Please indulge your correspondent in a bit of analytical back-track, kinda sorta. Last week’s post on the New York Police’s stop-and-frisk data, circa 2011, called our collective attention to the data curiosities in their midst, e.g, 8-foot, 999-pound suspects plunging their size 52s into the city’s sidewalks; and apart from one unstoppable question, namely, how these superhumans could be made to fit into a squad car, I guessed that these outsized numbers denoted data entry errors or lacunae, and as such I moved to detach all the records estimating suspects’ weights at 400 pounds or more.
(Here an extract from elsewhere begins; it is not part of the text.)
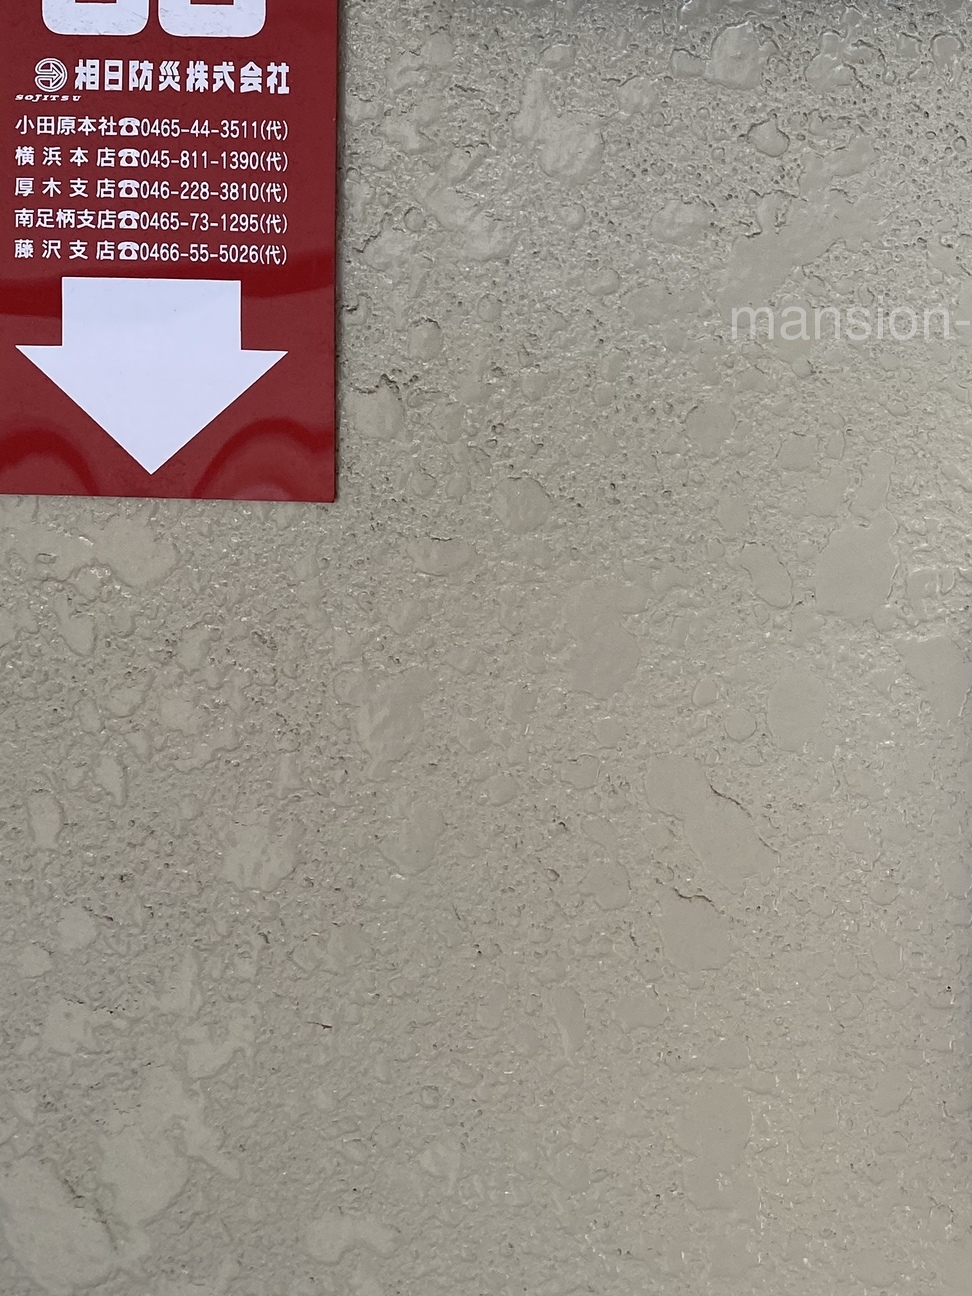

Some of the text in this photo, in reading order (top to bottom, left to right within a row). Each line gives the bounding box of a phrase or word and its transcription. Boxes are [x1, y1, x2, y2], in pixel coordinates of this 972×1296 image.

[74, 59, 290, 94] 相日防災株式会社
Now that maneuver makes perfect sense, provided that you’ve nominated suspect weight your variable of analytical choice. But at the same time, it’s most likely that the height/weight exaggerations pollute the entries of actual stops-and-frisks; and as such you’d probably do well to readmit these dodgy records into the data fold by deleting the interposing row I fitted in last week – unless again, you’re interested in sizing up suspect weights. But on the other hand, the lapses uncovered to date (along with any blank cells in there, and there are) may augur still others; in other words, remain vigilant.
In any case and once you’ve seen to it that the time parameters I described in part 1 are duly columned, you can move on to consider your pivot table options, comprising nothing if not a dense buzz of possibilities. The most obvious, in view of the putative racial skewing of stops-and-frisks, is the tabling of race itself, simply executed:
Row Labels: Race
Values: Race (by Count)
Race again (by % of Row)
(again, it’s perfectly legal to impose the same field twice upon the same pivot table. The field is in effect breaking itself out).
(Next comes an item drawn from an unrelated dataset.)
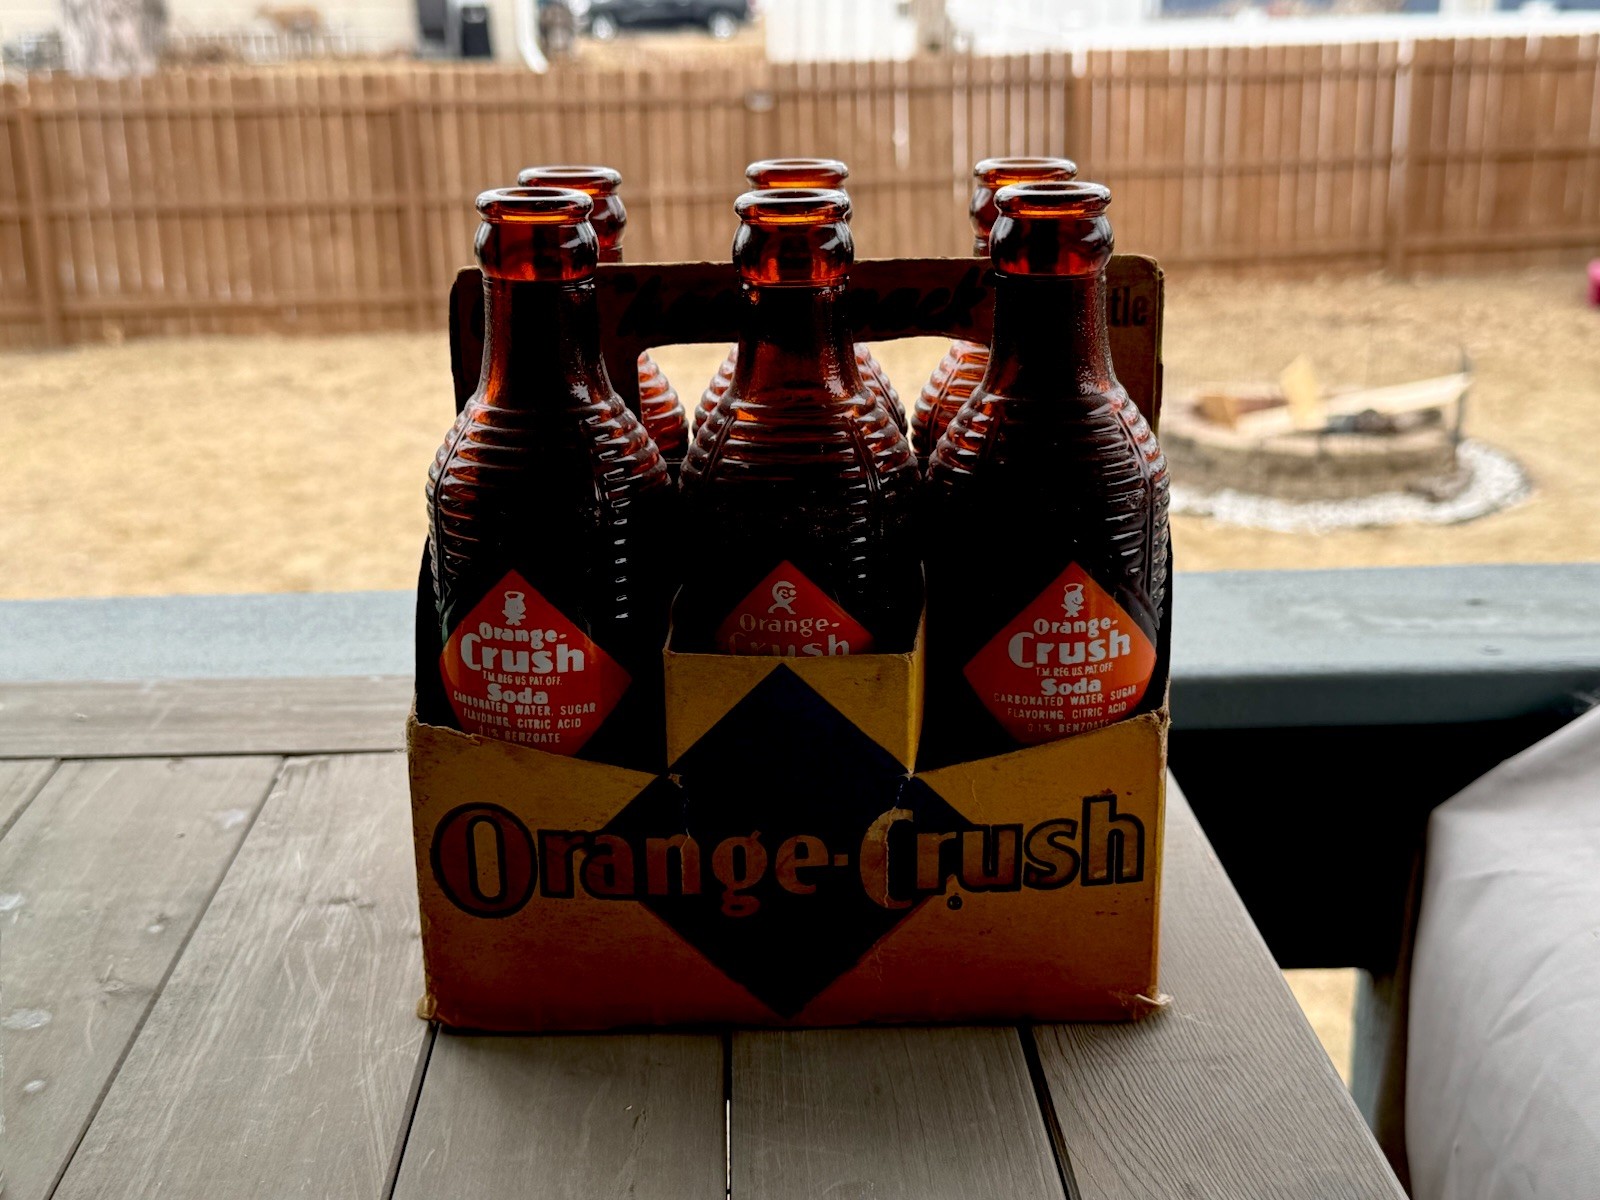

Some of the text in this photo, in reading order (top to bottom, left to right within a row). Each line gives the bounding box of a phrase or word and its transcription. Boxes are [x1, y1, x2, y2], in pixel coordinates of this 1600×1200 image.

Sieving the blanks via the Row Label filter button (and you know you’re dealing with a large set of data when 22,000 blank records amount to merely 3% of the whole), I get
Of course, you’ve already taken note of a problem here – the fact that race is numerically, not textually, coded. However, the New York Civil Liberty Union’s informative codebook deciphers the numbers:
6-American Indian/Native Alaskan
(While we’re at it, New York’s five boroughs receive these codes:
5-Staten Island )
The disparities are thus perfectly clear here, although these naturally await interpretation (see, for example this account. Note as well that the spotlight was trained on the stop-and-frisk issue during much of New York mayoral primary campaign, the votes for which were conducted two days ago).
But another potentially instructive breakout, namely stops-and-frisks by police precinct, suffers from some shortfall in quality control. Precinct numbers are keyed to their respective boroughs here:
But run this pivot table:
Row Labels: Borough
Values: Pct (count)
And you’ll find a number of misassociations – though again, these contribute but an infinitesimal proportion of the whole – about 80 in toto. You’d have to wade through the data in order to correlate borough to precinct perfectly, though the fruits of that labor might not justify the exertions.
For another provocative read, try
Row Labels: arstmade (abbreviation for: was an arrest made? A code 0 represents no, a 1 yes)
Values: arstmade (count, % of column total):
We’re presented here with what are in effect nested proportions. African-Americans and Hispanics are a good deal more likely to be stopped and frisked, as we saw above, but once detained are less likely to be arrested than whites (code 4), – a metric that appears to comport with the racism thesis: that is, that police are relatively more likely to have less substantive cause to stop an African American or Hispanic citizen when they do.
If you then break the data out by age, say
Row Labels: Age (grouped in tranches of 5 years)
Values: Age (count)
You’ll find not shockingly that the 15-19, 20-24, and 25-29 cohorts account for about 63% of all stops and frisks, though taxpayers will want to know why the police also pulled over 13 320-to-324 year-olds. Data check, please.
And if it’s seasonality you want, try tabling the data by month, e.g.
Row Labels: Month (remember we introduced this field to the data)
Values: Month (count)
Month again (count, % of Column Total)
We see March was the busiest month, August the idlest, and I’m not sure why; the differential of over two absolute percentage points between the two is considerable and doubtless significant given the size of the data (with no blanks here, by the way; every record in the data set is dated). After all, a 28-day February (remember, this is 2011) projects a chance-driven 7.67% of all stops; but it checks in at 8.88%, the third-most confrontational month. And the first six months of 2011 total 52.82% of all stops and frisks, the latter six 47.18%. Let the criminologists pause and reflect.
But given the welter of available fields, many more findings await. Just stop and frisk the data first.